Some dissents are fun to read. Others are baffling. A recent dissent from an election law decision by the Oklahoma Supreme Court fits into the latter category.
The case involves a challenged petition to amend the Oklahoma Constitution. If successful, the amendment would create an education improvement fund that is filled by a sales and use tax. The amendment would raise the pay of teachers, make other distributions from the fund, and create structural changes to the way the state manages its education spending in light of the new fund. Overall, the majority opinion rejects the argument that the initiative violates the state constitution’s “single-subject rule,” a provision that requires legislation to address only a single subject.

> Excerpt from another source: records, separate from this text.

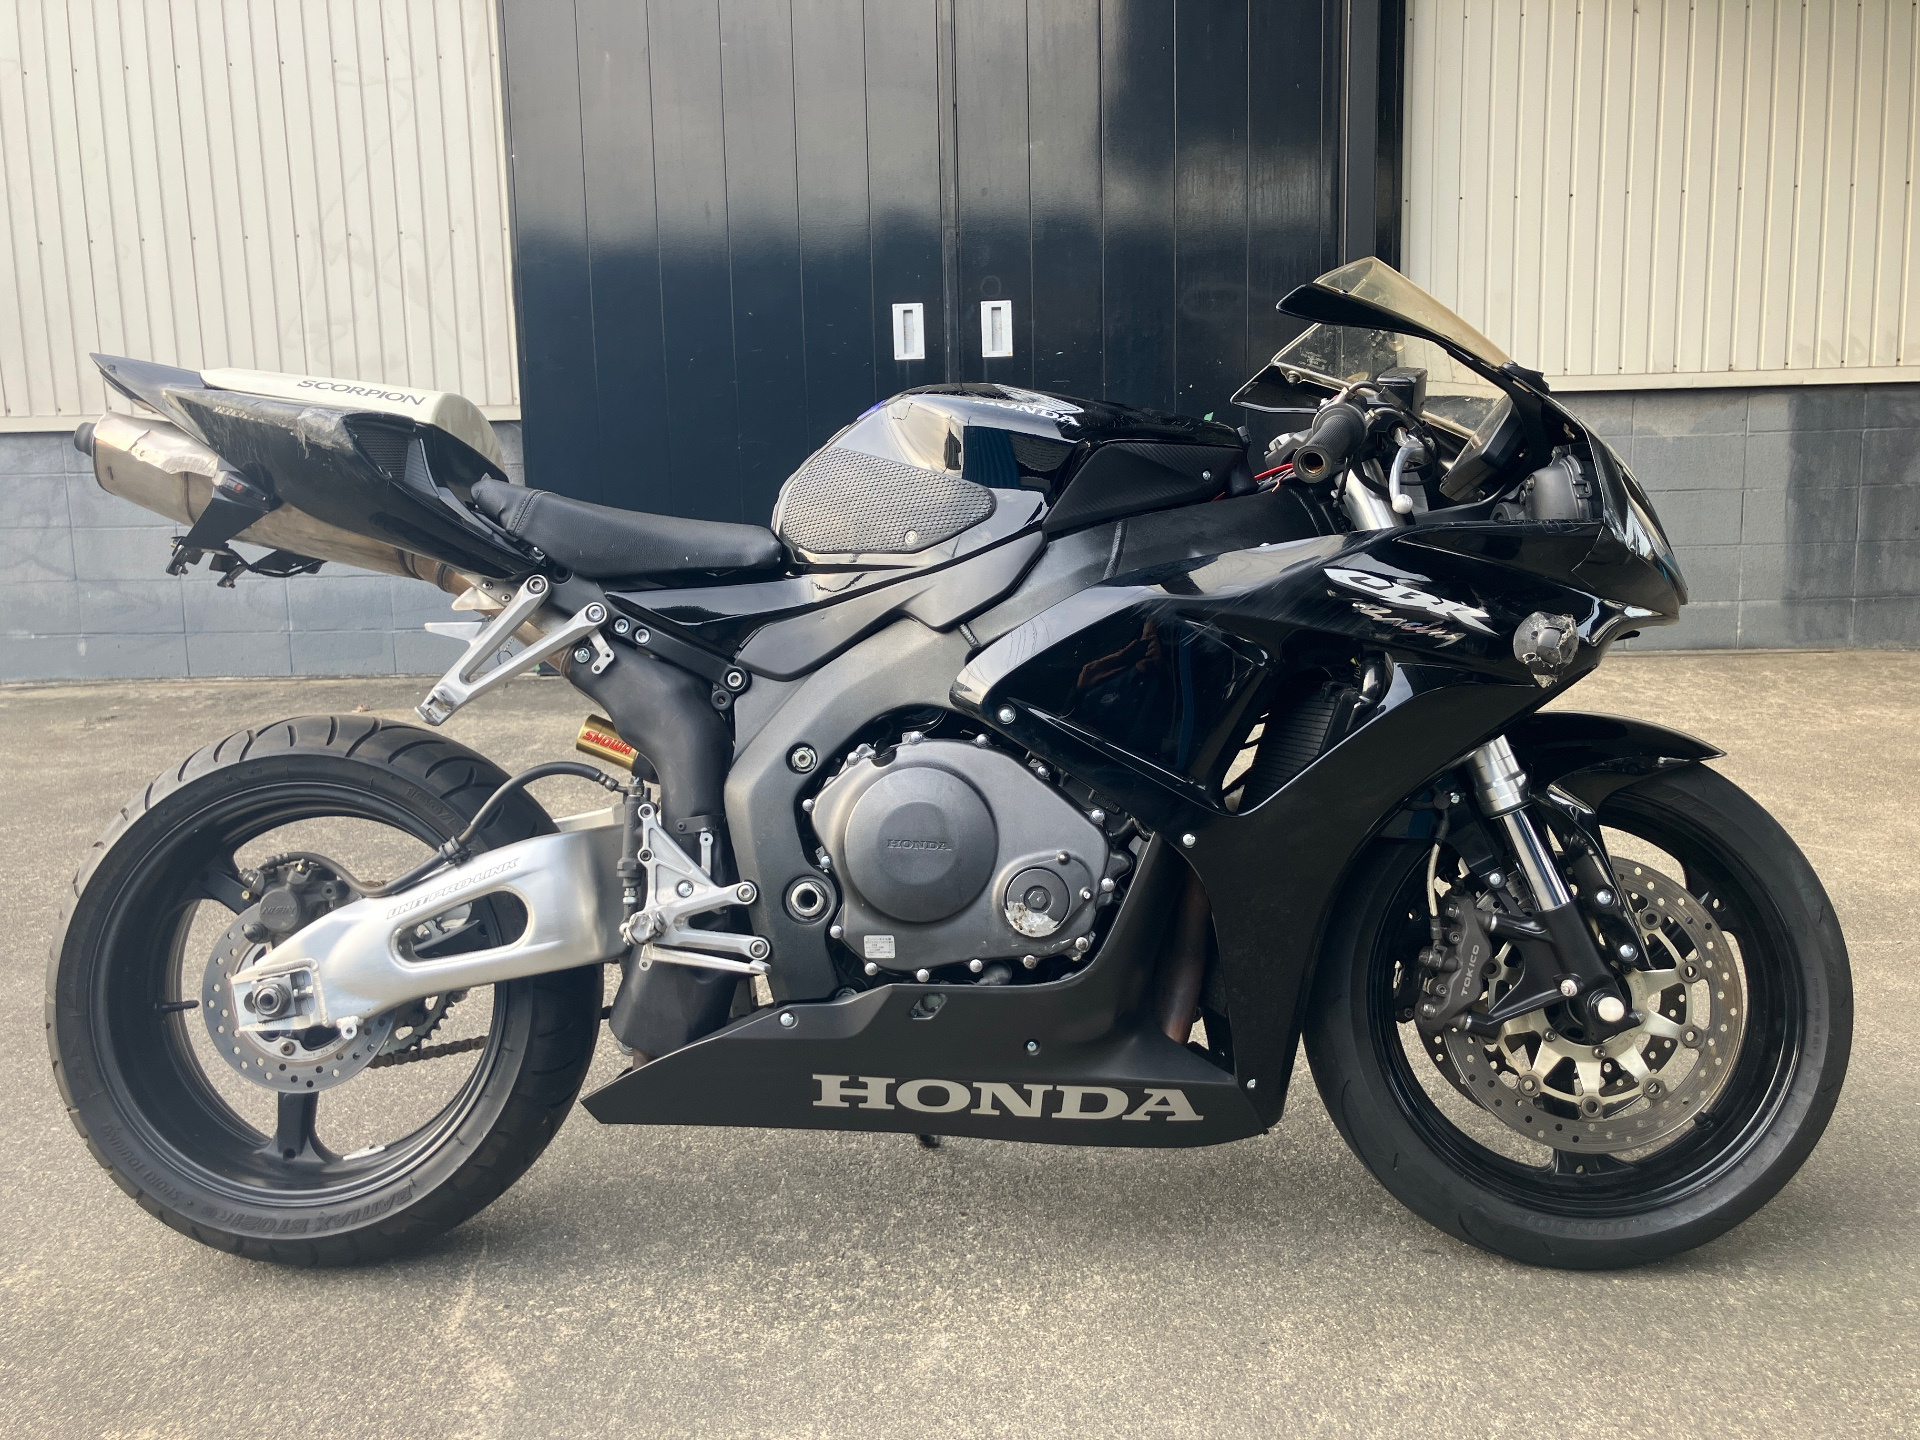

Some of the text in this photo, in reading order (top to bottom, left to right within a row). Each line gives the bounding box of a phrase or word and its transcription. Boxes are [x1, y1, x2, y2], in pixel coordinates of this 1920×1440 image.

[296, 379, 427, 406] SCORPION
[582, 729, 633, 755] SHOWA
[886, 838, 952, 851] HONDA
[386, 893, 431, 920] UNIT
[1460, 944, 1480, 997] TOKICO
[812, 1073, 1205, 1122] HONDA

The fun starts with a dissent by Justice Taylor (joined by Justices Kauger and Winchester), which argues that both creating an education improvement fund and simultaneously providing for its funding/spending amounts to “logrolling.” (If simultaneously paying for a spending increase counts as “logrolling,” it’s hard to see why that’s a bad thing, much less why the state constitution would forbid it.)

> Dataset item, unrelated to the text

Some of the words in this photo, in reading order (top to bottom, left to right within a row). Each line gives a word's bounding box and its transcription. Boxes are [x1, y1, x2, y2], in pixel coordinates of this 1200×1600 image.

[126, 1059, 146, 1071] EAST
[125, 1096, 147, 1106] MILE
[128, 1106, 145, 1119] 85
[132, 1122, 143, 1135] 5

As odd as that argument is, it’s definitely not the oddest. Justice Taylor’s other major argument goes something like this. The amendment requires the Board of Equalization to determine whether the legislature is cutting its own spending to account for the improvement fund’s outlays, and if so, it restricts the legislature’s permissible appropriations. The Board thus acts as a check against the legislature. But, Justice Taylor argues, the state constitution grants the legislature the sole power to make appropriations for education, so amending the constitution to create a check on this power violates the separation of powers.

But wait, you might be asking yourself. How can checks and balances violate the separation of powers? Aren’t checks and balances the natural consequence of the separation of powers? And since Oklahoma’s constitutioncreates the state’s separation of powers in the first place, isn’t it true that a constitutional amendment by definition cannot violate the separation of powers? And wouldn’t standard interpretive principles like the general/specific canon and the presumption against implied repeal require courts to apply the new amendment on its own terms anyway?

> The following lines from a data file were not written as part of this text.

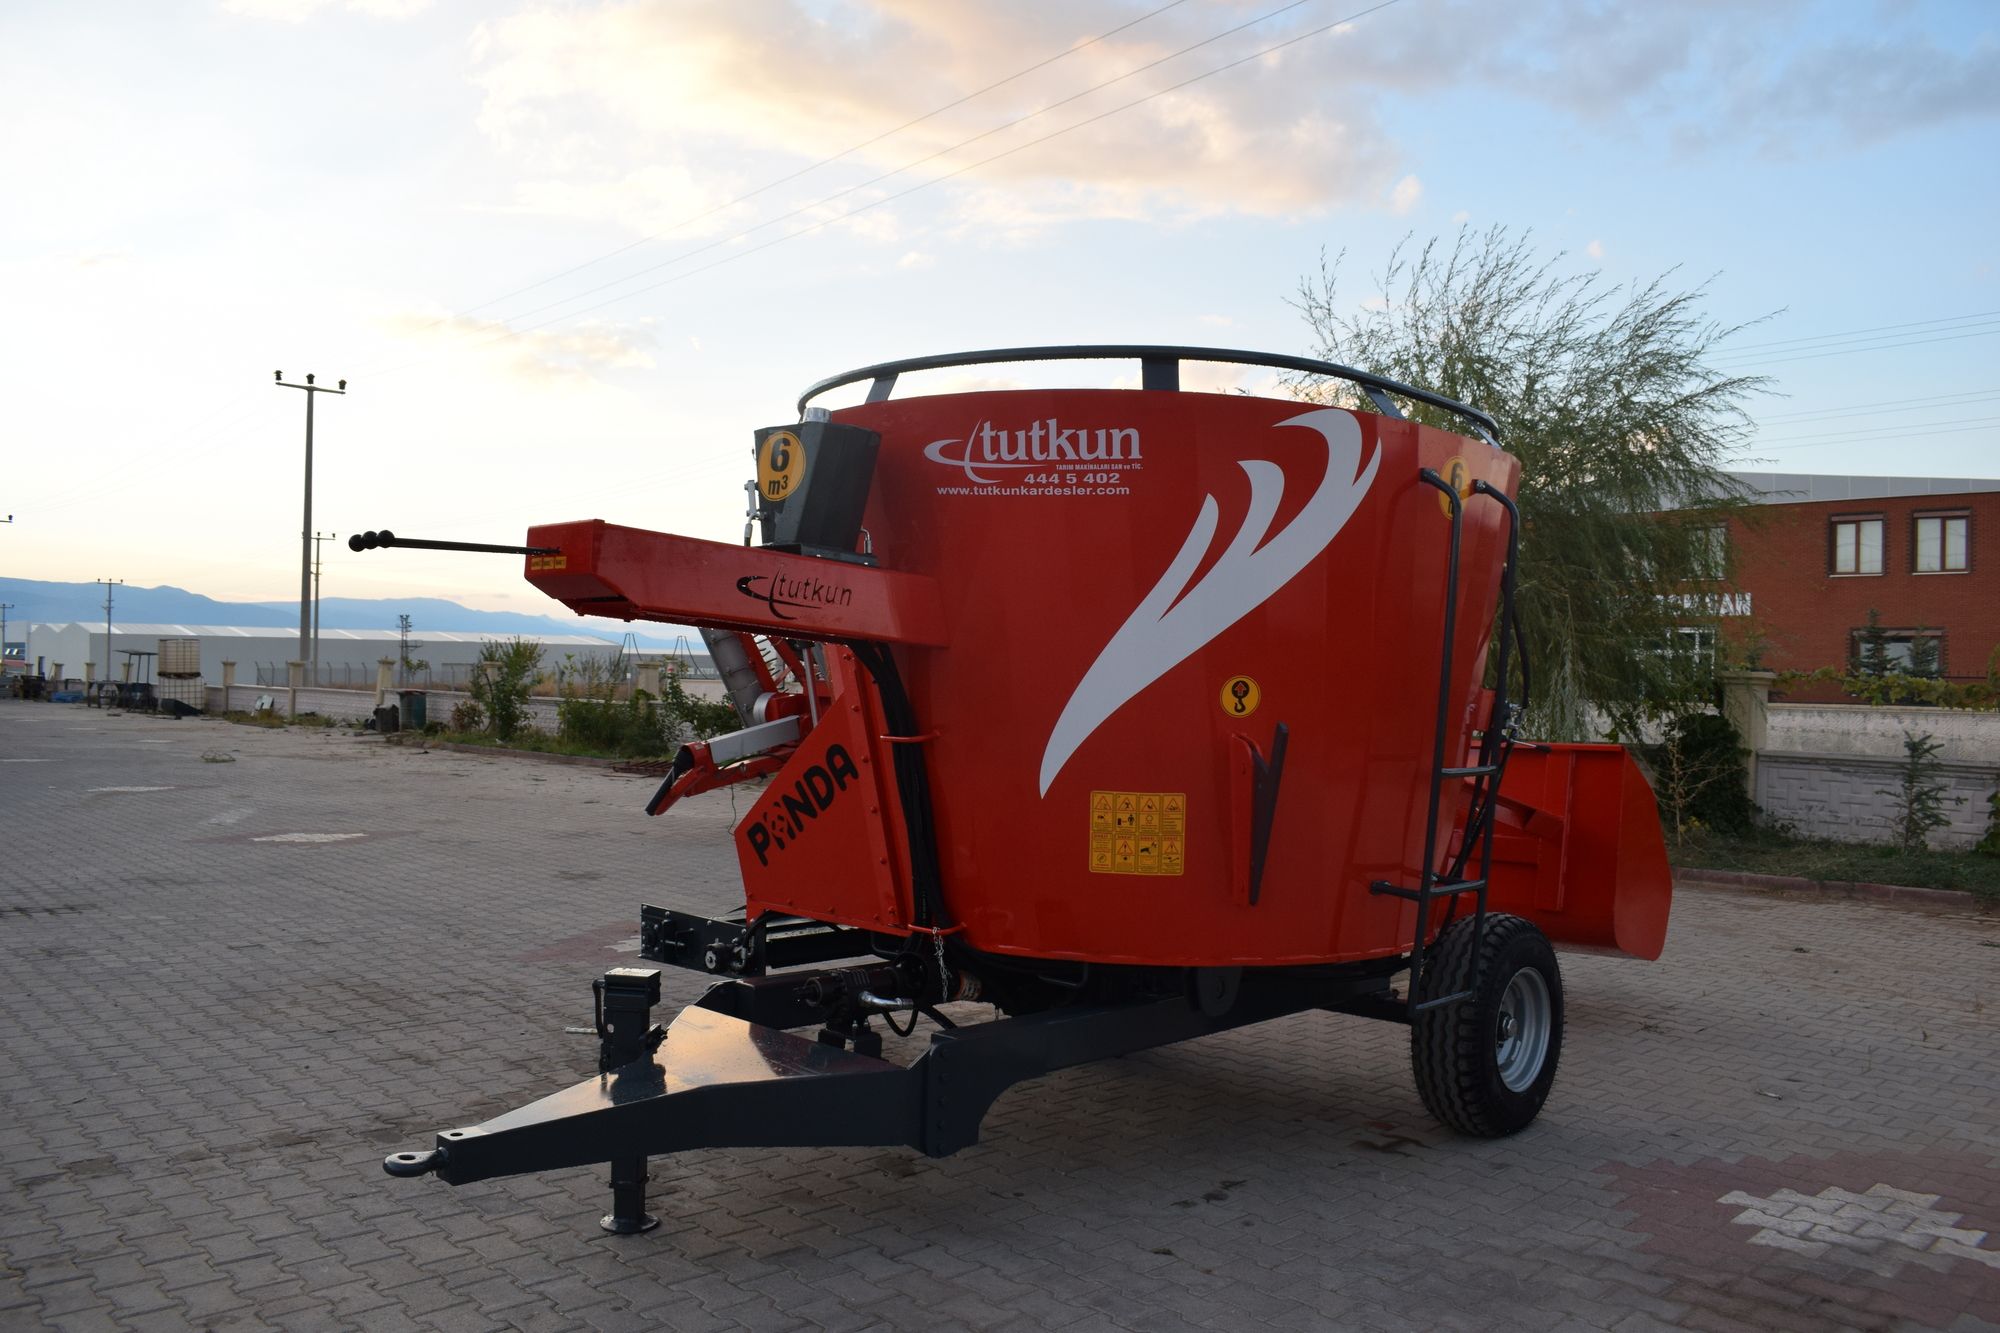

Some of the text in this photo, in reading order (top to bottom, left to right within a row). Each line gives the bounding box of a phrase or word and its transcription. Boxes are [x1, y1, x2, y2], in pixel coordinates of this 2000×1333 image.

[771, 438, 791, 472] 6
[979, 418, 1143, 461] tutkun
[937, 485, 1130, 496] www.tutkunkardesler.com
[1024, 473, 1120, 484] 444 5 402
[1452, 462, 1464, 494] 6
[778, 574, 853, 607] tutkun

Alas, poor reader, lesser minds like ours are no match for this flick of Justice Taylor’s mental scalpel: “[A]s Initiative Petition No. 403 contains no repeal of the legislative power being taken by the Board of Equalization, the Initiative Petition is in direct conflict with Article V of the Oklahoma Constitution, the power of the legislative branch.” Thus, under Justice Taylor’s theory of interpretation, constitutional amendments would need to explicitly repeal the legislature’s powers before they could add checks or balances to those powers. As Texas-born legal philosopher Waylon Jennings once argued, “That Dog Won’t Hunt.”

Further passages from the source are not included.